I’d estimate that well over half of what I do on the water with a tight line system would not fall under competition-legal standards.

What I call the Troutbitten Mono Rig is a hybrid system for fly fishing with a long leader, using solid fly casting fundamentals to bring the tight line advantage to nymphs with and without an indicator, to streamers, to dry-dropper rigs and sometimes even pure dries.

That Troutbitten Standard Mono Rig is too long to be comp legal. I also (sometimes) attach things to it like a Backing Barrel, an indicator, supplemental split shot or a drop shot. None of that is comp legal either. I also routinely fish two flies much closer than FIPS rules would allow for.

Why? Because the versatility that I enjoy in my approach is fun. Because many of these adjustments are better suited for the moment, and because these rig modifications simply catch more trout. I’m not beholden to any set of rules other than what my state’s fish commission dictates. So I choose what works best — almost always.

Photo by Josh Darling

So Then . . .

The purpose of this Troutbitten short series is to highlight the FIPS rule restrictions that limit tackle and technique. It’s also intended to show how those limitations affect an average angler, who often fishes under competition rules without ever knowing it.

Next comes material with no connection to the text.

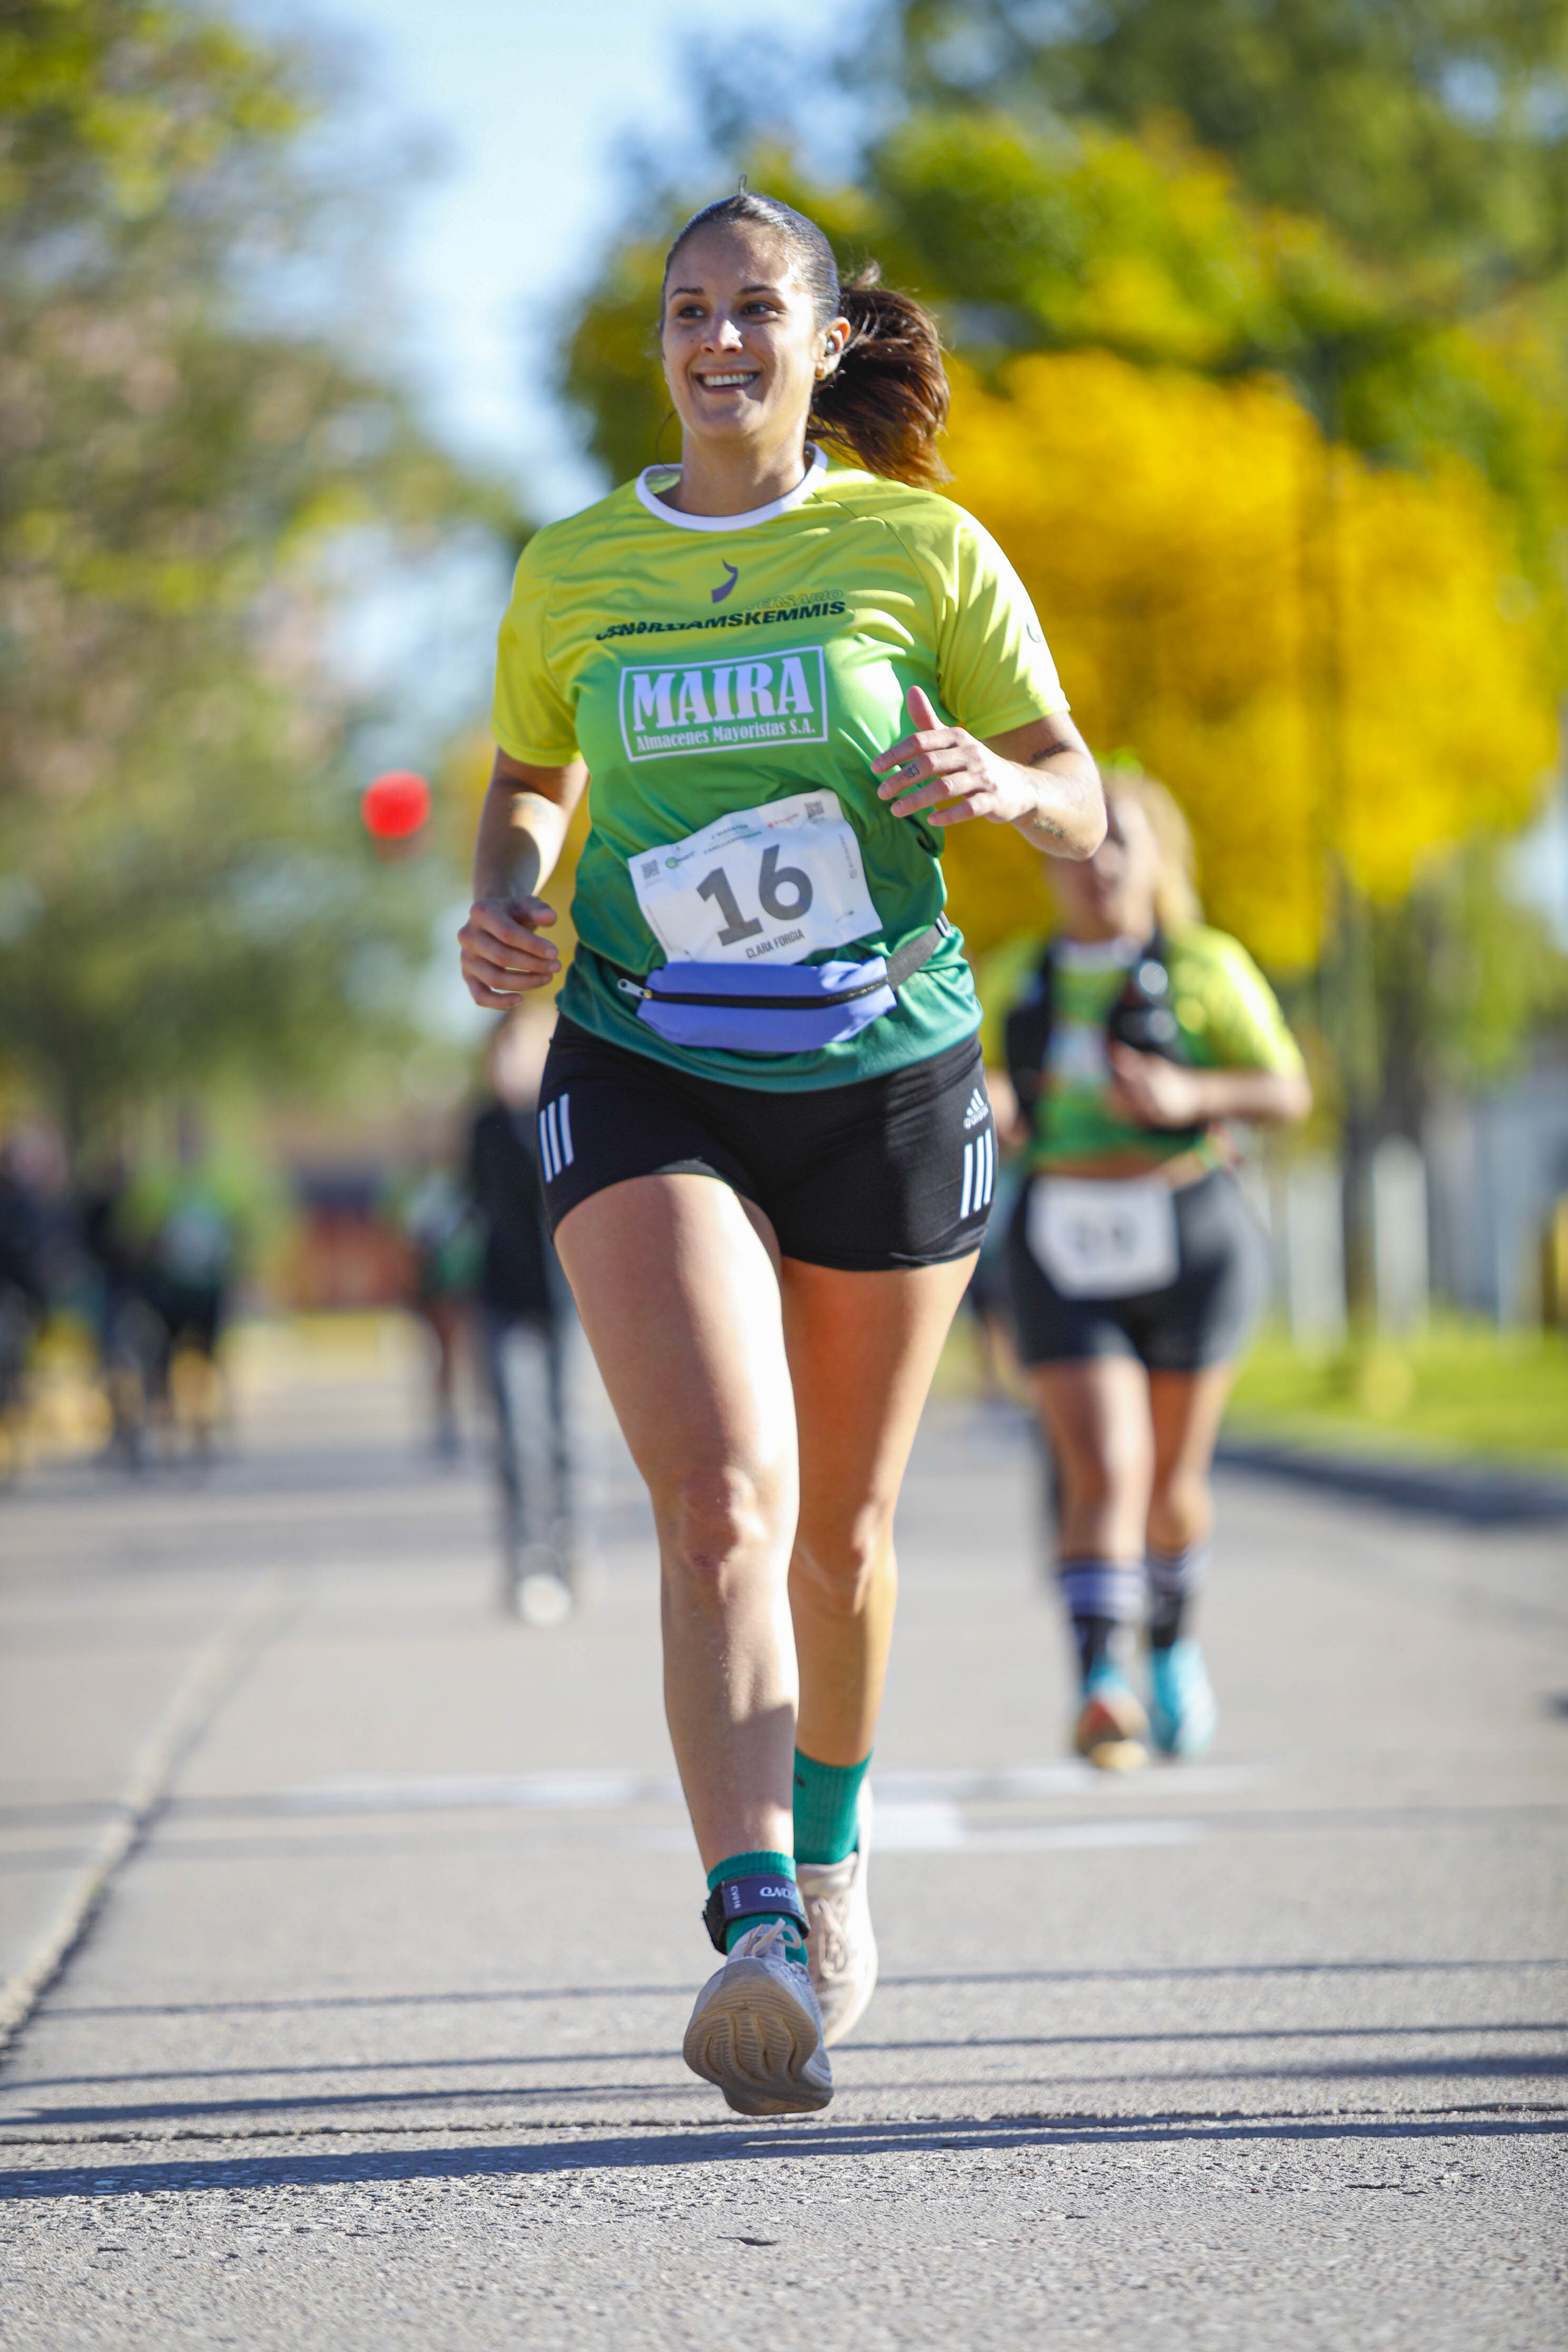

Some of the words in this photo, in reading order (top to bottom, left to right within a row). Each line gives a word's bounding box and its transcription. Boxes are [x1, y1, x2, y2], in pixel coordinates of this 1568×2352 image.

One important point: This article series should not be read as an opinion against competition fly fishing. Sure, I’ve made it clear before that competing while fishing is not for me. But I have respect for anyone out there, in any style, putting in the time, fishing hard and enjoying themselves on the water. Do your thing.

Instead, this Troutbitten short series is intended to point out the shortcomings and limitations of a set of rules that few people seem to talk about. I’ve even heard it argued that these rules help anglers catch more trout. But I will argue strongly against that notion, as limitations rarely lend an advantage.

To recap, Part One focused on a FIPS rule that disallows anything attached to the leader but the flies themselves. This rule drastically limits a fly angler’s ability to adjust to many common situations on the water.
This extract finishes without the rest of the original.